§ TASK PROMPT
Output every entry exactly, without any pictures.
BEGIN PROVIDED DATA
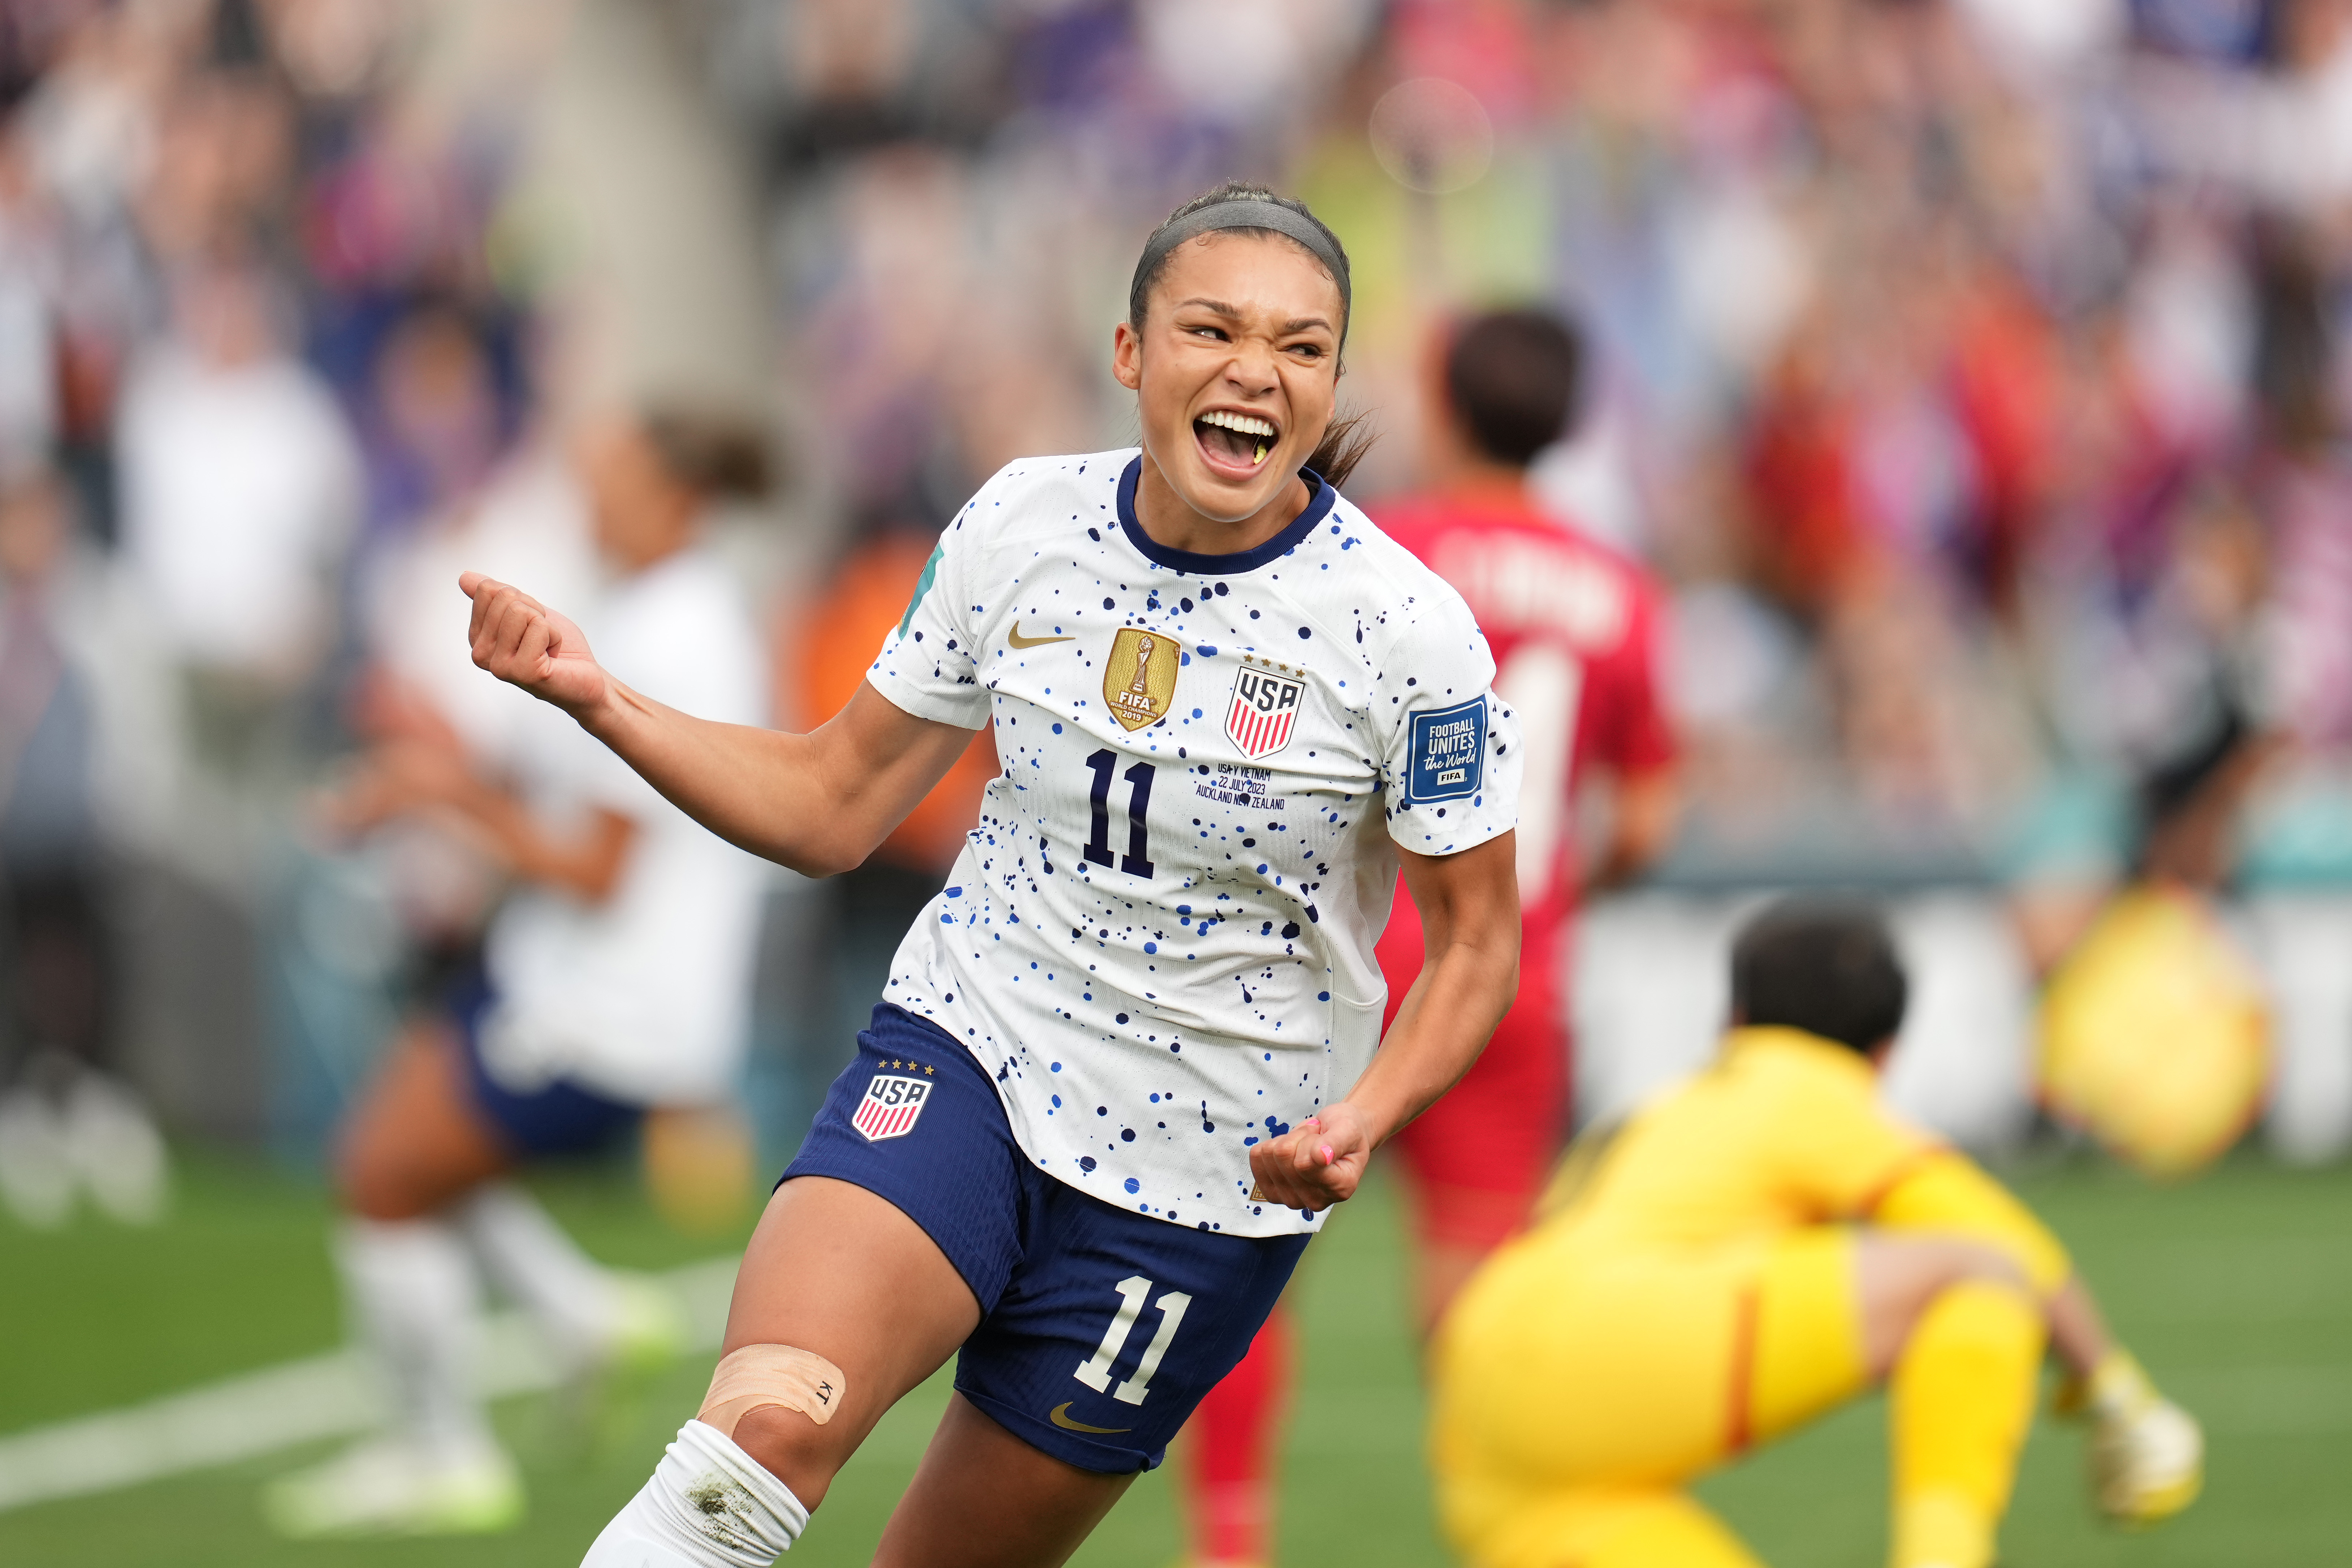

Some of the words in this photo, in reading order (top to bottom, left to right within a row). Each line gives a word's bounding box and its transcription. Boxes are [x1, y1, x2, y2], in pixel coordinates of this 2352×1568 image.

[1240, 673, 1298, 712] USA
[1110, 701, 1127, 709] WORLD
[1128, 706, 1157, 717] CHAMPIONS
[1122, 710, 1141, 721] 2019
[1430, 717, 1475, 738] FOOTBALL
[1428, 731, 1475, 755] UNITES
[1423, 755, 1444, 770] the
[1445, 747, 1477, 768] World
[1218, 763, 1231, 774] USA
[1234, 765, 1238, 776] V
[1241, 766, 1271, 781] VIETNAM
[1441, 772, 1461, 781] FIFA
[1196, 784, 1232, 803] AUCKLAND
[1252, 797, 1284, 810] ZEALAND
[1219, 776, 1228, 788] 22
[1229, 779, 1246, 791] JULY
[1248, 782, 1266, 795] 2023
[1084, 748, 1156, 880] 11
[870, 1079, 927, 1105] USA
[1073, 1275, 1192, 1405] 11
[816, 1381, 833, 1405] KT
END PROVIDED DATA
§ SOLVED PROBLEM
Some of the words in this photo, in reading order (top to bottom, left to right within a row). Each line gives a word's bounding box and its transcription. Boxes are [x1, y1, x2, y2], in pixel coordinates of this 2352×1568 image.

[1240, 673, 1298, 712] USA
[1110, 701, 1127, 709] WORLD
[1128, 706, 1157, 717] CHAMPIONS
[1122, 710, 1141, 721] 2019
[1430, 717, 1475, 738] FOOTBALL
[1428, 731, 1475, 755] UNITES
[1423, 755, 1444, 770] the
[1445, 747, 1477, 768] World
[1218, 763, 1231, 774] USA
[1234, 765, 1238, 776] V
[1241, 766, 1271, 781] VIETNAM
[1441, 772, 1461, 781] FIFA
[1196, 784, 1232, 803] AUCKLAND
[1252, 797, 1284, 810] ZEALAND
[1219, 776, 1228, 788] 22
[1229, 779, 1246, 791] JULY
[1248, 782, 1266, 795] 2023
[1084, 748, 1156, 880] 11
[870, 1079, 927, 1105] USA
[1073, 1275, 1192, 1405] 11
[816, 1381, 833, 1405] KT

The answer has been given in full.